Your goal – Please write out all of the entries without altering anything.

Exercise inputs –
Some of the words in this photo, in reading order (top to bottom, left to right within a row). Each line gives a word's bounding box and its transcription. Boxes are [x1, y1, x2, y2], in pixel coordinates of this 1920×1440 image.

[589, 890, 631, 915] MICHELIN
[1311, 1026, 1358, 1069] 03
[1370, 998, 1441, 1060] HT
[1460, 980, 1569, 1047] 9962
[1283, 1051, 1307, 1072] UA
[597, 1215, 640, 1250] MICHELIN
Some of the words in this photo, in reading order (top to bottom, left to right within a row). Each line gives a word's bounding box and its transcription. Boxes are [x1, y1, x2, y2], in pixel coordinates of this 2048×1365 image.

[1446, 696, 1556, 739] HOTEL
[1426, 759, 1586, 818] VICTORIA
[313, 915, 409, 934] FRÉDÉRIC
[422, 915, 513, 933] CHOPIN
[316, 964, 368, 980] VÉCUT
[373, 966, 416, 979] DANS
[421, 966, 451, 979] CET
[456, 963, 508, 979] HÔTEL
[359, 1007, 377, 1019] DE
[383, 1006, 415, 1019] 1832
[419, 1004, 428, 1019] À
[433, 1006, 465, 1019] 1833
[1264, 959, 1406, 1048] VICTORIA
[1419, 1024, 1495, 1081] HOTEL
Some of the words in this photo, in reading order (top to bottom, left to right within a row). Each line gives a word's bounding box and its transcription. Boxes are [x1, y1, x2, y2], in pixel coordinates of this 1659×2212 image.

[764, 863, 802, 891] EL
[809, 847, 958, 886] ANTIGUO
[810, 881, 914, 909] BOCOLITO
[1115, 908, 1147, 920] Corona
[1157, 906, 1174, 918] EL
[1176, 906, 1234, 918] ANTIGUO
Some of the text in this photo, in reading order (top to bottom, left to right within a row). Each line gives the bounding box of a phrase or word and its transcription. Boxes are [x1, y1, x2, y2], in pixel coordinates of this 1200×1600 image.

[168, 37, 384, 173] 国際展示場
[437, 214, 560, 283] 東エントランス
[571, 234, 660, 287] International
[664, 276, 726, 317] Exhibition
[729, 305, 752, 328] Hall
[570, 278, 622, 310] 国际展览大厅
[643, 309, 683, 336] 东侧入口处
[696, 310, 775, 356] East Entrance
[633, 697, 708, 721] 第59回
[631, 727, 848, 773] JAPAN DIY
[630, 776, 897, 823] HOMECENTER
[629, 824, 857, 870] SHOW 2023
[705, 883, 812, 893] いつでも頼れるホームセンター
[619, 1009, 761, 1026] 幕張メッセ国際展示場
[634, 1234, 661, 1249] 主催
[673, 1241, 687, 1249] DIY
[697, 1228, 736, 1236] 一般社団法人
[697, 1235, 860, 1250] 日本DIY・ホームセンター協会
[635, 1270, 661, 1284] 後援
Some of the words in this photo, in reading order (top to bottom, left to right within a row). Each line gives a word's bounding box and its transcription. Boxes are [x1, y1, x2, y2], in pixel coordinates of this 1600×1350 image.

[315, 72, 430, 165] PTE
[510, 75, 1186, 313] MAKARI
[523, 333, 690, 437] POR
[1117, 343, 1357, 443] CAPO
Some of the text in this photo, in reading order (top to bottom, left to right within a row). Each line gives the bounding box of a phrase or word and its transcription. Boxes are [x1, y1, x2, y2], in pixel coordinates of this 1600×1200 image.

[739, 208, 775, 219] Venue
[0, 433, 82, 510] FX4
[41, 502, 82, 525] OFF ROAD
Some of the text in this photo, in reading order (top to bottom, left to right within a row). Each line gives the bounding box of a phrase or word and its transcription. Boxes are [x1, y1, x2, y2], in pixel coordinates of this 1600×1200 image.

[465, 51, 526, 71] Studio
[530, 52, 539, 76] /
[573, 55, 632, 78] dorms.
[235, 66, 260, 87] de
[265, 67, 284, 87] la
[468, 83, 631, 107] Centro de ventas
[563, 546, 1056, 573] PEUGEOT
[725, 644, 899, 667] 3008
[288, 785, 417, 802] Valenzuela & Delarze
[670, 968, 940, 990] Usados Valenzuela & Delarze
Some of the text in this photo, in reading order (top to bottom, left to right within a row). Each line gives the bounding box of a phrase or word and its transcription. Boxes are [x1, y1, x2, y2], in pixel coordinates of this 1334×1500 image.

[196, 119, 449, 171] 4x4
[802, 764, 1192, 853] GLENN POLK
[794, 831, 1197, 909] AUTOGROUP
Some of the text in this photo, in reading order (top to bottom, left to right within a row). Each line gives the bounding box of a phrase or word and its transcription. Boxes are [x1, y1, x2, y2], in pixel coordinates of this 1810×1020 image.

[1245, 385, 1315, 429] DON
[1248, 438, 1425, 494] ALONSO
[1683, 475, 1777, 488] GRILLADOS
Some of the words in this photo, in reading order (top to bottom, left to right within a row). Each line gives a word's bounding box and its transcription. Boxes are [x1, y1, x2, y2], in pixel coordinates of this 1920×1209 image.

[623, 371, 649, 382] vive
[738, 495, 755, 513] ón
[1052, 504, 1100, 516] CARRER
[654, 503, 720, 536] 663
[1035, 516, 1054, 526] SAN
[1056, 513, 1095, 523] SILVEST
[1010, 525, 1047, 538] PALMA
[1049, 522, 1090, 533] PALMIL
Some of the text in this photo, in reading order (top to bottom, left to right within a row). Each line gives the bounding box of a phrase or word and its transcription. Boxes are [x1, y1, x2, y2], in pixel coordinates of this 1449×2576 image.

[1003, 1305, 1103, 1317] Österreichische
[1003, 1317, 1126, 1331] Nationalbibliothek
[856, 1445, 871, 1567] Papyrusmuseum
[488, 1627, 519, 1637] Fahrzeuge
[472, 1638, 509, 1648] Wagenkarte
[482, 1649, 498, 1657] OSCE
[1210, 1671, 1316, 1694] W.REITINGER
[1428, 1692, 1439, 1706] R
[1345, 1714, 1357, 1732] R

Expected answer –
Some of the words in this photo, in reading order (top to bottom, left to right within a row). Each line gives a word's bounding box and its transcription. Boxes are [x1, y1, x2, y2], in pixel coordinates of this 1920×1440 image.

[589, 890, 631, 915] MICHELIN
[1311, 1026, 1358, 1069] 03
[1370, 998, 1441, 1060] HT
[1460, 980, 1569, 1047] 9962
[1283, 1051, 1307, 1072] UA
[597, 1215, 640, 1250] MICHELIN
Some of the words in this photo, in reading order (top to bottom, left to right within a row). Each line gives a word's bounding box and its transcription. Boxes are [x1, y1, x2, y2], in pixel coordinates of this 2048×1365 image.

[1446, 696, 1556, 739] HOTEL
[1426, 759, 1586, 818] VICTORIA
[313, 915, 409, 934] FRÉDÉRIC
[422, 915, 513, 933] CHOPIN
[316, 964, 368, 980] VÉCUT
[373, 966, 416, 979] DANS
[421, 966, 451, 979] CET
[456, 963, 508, 979] HÔTEL
[359, 1007, 377, 1019] DE
[383, 1006, 415, 1019] 1832
[419, 1004, 428, 1019] À
[433, 1006, 465, 1019] 1833
[1264, 959, 1406, 1048] VICTORIA
[1419, 1024, 1495, 1081] HOTEL
Some of the words in this photo, in reading order (top to bottom, left to right within a row). Each line gives a word's bounding box and its transcription. Boxes are [x1, y1, x2, y2], in pixel coordinates of this 1659×2212 image.

[764, 863, 802, 891] EL
[809, 847, 958, 886] ANTIGUO
[810, 881, 914, 909] BOCOLITO
[1115, 908, 1147, 920] Corona
[1157, 906, 1174, 918] EL
[1176, 906, 1234, 918] ANTIGUO
Some of the text in this photo, in reading order (top to bottom, left to right within a row). Each line gives the bounding box of a phrase or word and its transcription. Boxes are [x1, y1, x2, y2], in pixel coordinates of this 1200×1600 image.

[168, 37, 384, 173] 国際展示場
[437, 214, 560, 283] 東エントランス
[571, 234, 660, 287] International
[664, 276, 726, 317] Exhibition
[729, 305, 752, 328] Hall
[570, 278, 622, 310] 国际展览大厅
[643, 309, 683, 336] 东侧入口处
[696, 310, 775, 356] East Entrance
[633, 697, 708, 721] 第59回
[631, 727, 848, 773] JAPAN DIY
[630, 776, 897, 823] HOMECENTER
[629, 824, 857, 870] SHOW 2023
[705, 883, 812, 893] いつでも頼れるホームセンター
[619, 1009, 761, 1026] 幕張メッセ国際展示場
[634, 1234, 661, 1249] 主催
[673, 1241, 687, 1249] DIY
[697, 1228, 736, 1236] 一般社団法人
[697, 1235, 860, 1250] 日本DIY・ホームセンター協会
[635, 1270, 661, 1284] 後援
Some of the words in this photo, in reading order (top to bottom, left to right within a row). Each line gives a word's bounding box and its transcription. Boxes are [x1, y1, x2, y2], in pixel coordinates of this 1600×1350 image.

[315, 72, 430, 165] PTE
[510, 75, 1186, 313] MAKARI
[523, 333, 690, 437] POR
[1117, 343, 1357, 443] CAPO
Some of the text in this photo, in reading order (top to bottom, left to right within a row). Each line gives the bounding box of a phrase or word and its transcription. Boxes are [x1, y1, x2, y2], in pixel coordinates of this 1600×1200 image.

[739, 208, 775, 219] Venue
[0, 433, 82, 510] FX4
[41, 502, 82, 525] OFF ROAD
Some of the text in this photo, in reading order (top to bottom, left to right within a row). Each line gives the bounding box of a phrase or word and its transcription. Boxes are [x1, y1, x2, y2], in pixel coordinates of this 1600×1200 image.

[465, 51, 526, 71] Studio
[530, 52, 539, 76] /
[573, 55, 632, 78] dorms.
[235, 66, 260, 87] de
[265, 67, 284, 87] la
[468, 83, 631, 107] Centro de ventas
[563, 546, 1056, 573] PEUGEOT
[725, 644, 899, 667] 3008
[288, 785, 417, 802] Valenzuela & Delarze
[670, 968, 940, 990] Usados Valenzuela & Delarze
Some of the text in this photo, in reading order (top to bottom, left to right within a row). Each line gives the bounding box of a phrase or word and its transcription. Boxes are [x1, y1, x2, y2], in pixel coordinates of this 1334×1500 image.

[196, 119, 449, 171] 4x4
[802, 764, 1192, 853] GLENN POLK
[794, 831, 1197, 909] AUTOGROUP
Some of the text in this photo, in reading order (top to bottom, left to right within a row). Each line gives the bounding box of a phrase or word and its transcription. Boxes are [x1, y1, x2, y2], in pixel coordinates of this 1810×1020 image.

[1245, 385, 1315, 429] DON
[1248, 438, 1425, 494] ALONSO
[1683, 475, 1777, 488] GRILLADOS
Some of the words in this photo, in reading order (top to bottom, left to right within a row). Each line gives a word's bounding box and its transcription. Boxes are [x1, y1, x2, y2], in pixel coordinates of this 1920×1209 image.

[623, 371, 649, 382] vive
[738, 495, 755, 513] ón
[1052, 504, 1100, 516] CARRER
[654, 503, 720, 536] 663
[1035, 516, 1054, 526] SAN
[1056, 513, 1095, 523] SILVEST
[1010, 525, 1047, 538] PALMA
[1049, 522, 1090, 533] PALMIL
Some of the text in this photo, in reading order (top to bottom, left to right within a row). Each line gives the bounding box of a phrase or word and its transcription. Boxes are [x1, y1, x2, y2], in pixel coordinates of this 1449×2576 image.

[1003, 1305, 1103, 1317] Österreichische
[1003, 1317, 1126, 1331] Nationalbibliothek
[856, 1445, 871, 1567] Papyrusmuseum
[488, 1627, 519, 1637] Fahrzeuge
[472, 1638, 509, 1648] Wagenkarte
[482, 1649, 498, 1657] OSCE
[1210, 1671, 1316, 1694] W.REITINGER
[1428, 1692, 1439, 1706] R
[1345, 1714, 1357, 1732] R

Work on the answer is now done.